::: MATERIAL SHOWN :::

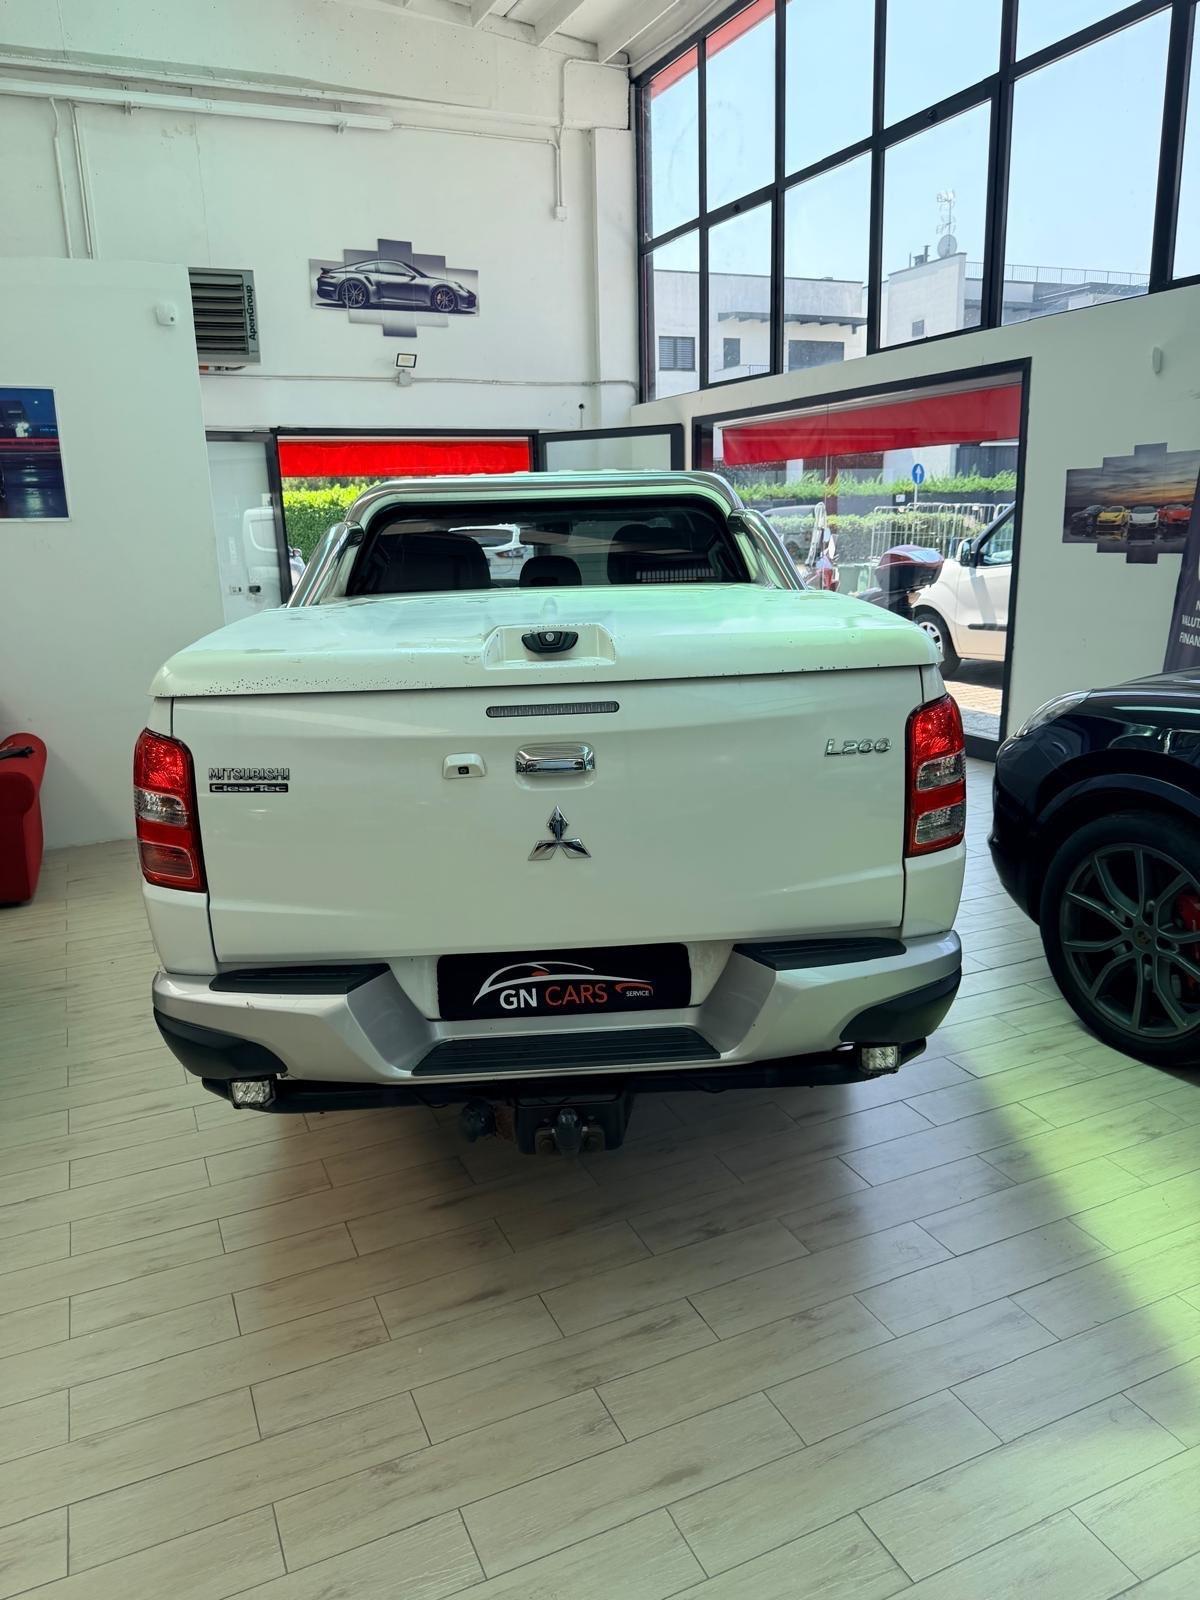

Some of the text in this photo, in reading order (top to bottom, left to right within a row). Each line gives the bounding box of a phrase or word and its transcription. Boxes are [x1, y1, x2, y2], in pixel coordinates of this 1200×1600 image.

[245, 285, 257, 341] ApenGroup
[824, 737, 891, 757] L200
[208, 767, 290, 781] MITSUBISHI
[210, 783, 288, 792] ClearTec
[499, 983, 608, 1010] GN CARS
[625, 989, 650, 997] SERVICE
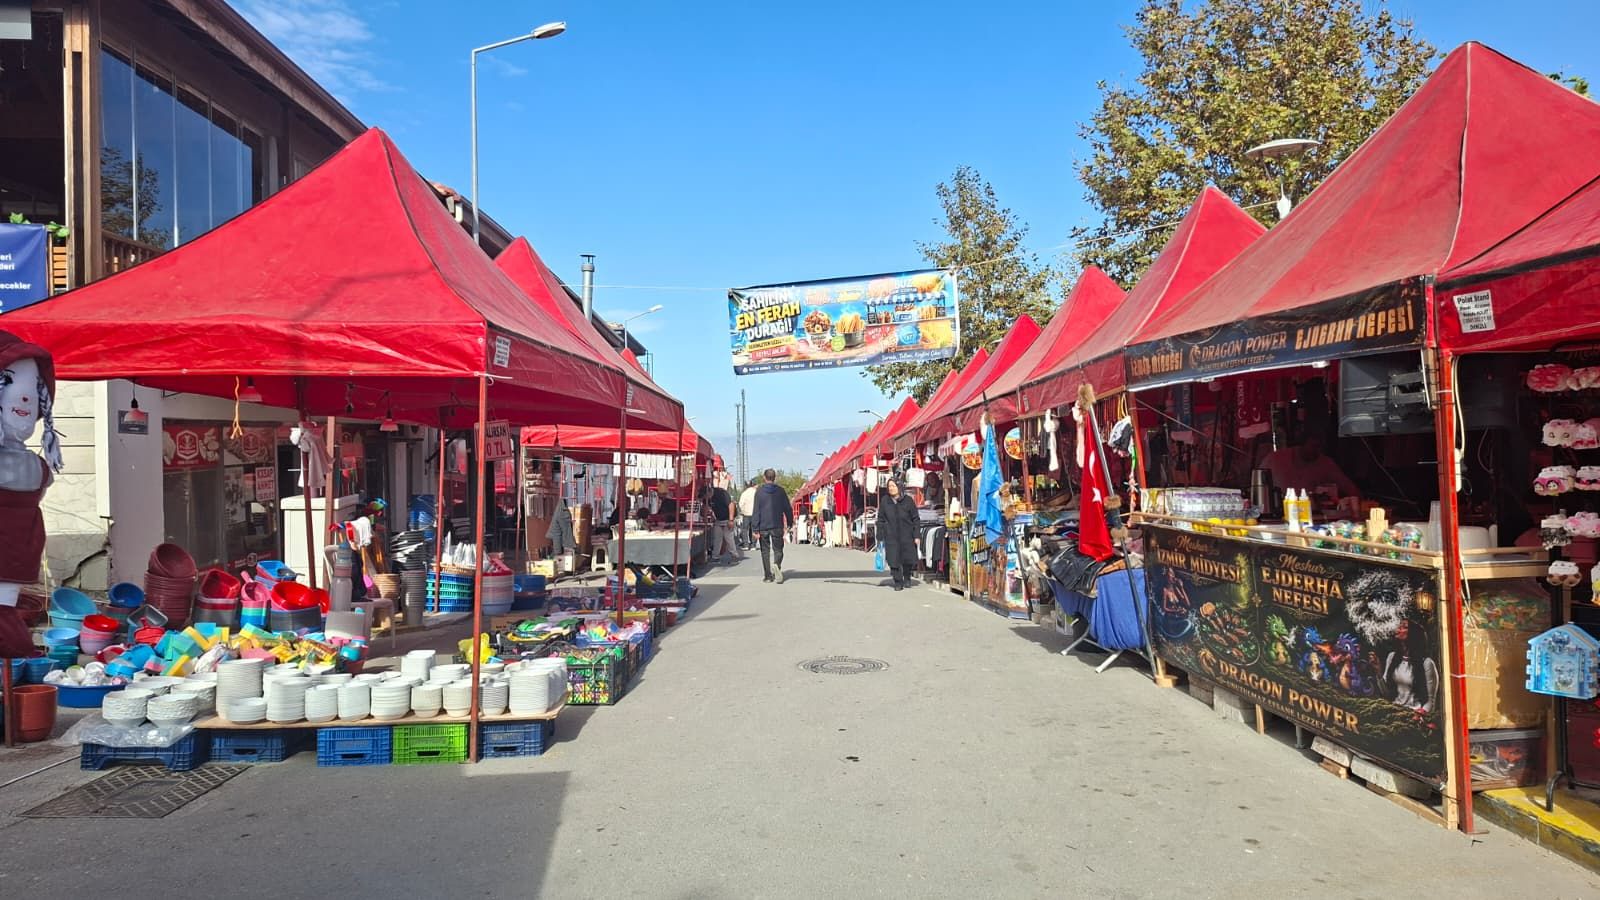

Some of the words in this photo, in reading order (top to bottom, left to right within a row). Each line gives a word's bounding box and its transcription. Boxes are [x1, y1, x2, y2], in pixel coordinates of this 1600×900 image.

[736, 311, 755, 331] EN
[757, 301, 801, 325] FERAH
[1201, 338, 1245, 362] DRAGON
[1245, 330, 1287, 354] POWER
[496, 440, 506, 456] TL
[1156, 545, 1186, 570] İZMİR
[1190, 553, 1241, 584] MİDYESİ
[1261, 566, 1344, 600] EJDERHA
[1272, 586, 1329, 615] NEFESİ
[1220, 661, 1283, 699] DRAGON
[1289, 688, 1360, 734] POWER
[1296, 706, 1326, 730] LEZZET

:::

▸ **TASK ITEM**
Keep every word of the records above exactly, and return them with no pictures.

▸ **OUTPUT OF THE TASK**
Some of the text in this photo, in reading order (top to bottom, left to right within a row). Each line gives the bounding box of a phrase or word and its transcription. Boxes are [x1, y1, x2, y2], in pixel coordinates of this 1200×1600 image.

[245, 285, 257, 341] ApenGroup
[824, 737, 891, 757] L200
[208, 767, 290, 781] MITSUBISHI
[210, 783, 288, 792] ClearTec
[499, 983, 608, 1010] GN CARS
[625, 989, 650, 997] SERVICE

Some of the words in this photo, in reading order (top to bottom, left to right within a row). Each line gives a word's bounding box and its transcription. Boxes are [x1, y1, x2, y2], in pixel coordinates of this 1600×900 image.

[736, 311, 755, 331] EN
[757, 301, 801, 325] FERAH
[1201, 338, 1245, 362] DRAGON
[1245, 330, 1287, 354] POWER
[496, 440, 506, 456] TL
[1156, 545, 1186, 570] İZMİR
[1190, 553, 1241, 584] MİDYESİ
[1261, 566, 1344, 600] EJDERHA
[1272, 586, 1329, 615] NEFESİ
[1220, 661, 1283, 699] DRAGON
[1289, 688, 1360, 734] POWER
[1296, 706, 1326, 730] LEZZET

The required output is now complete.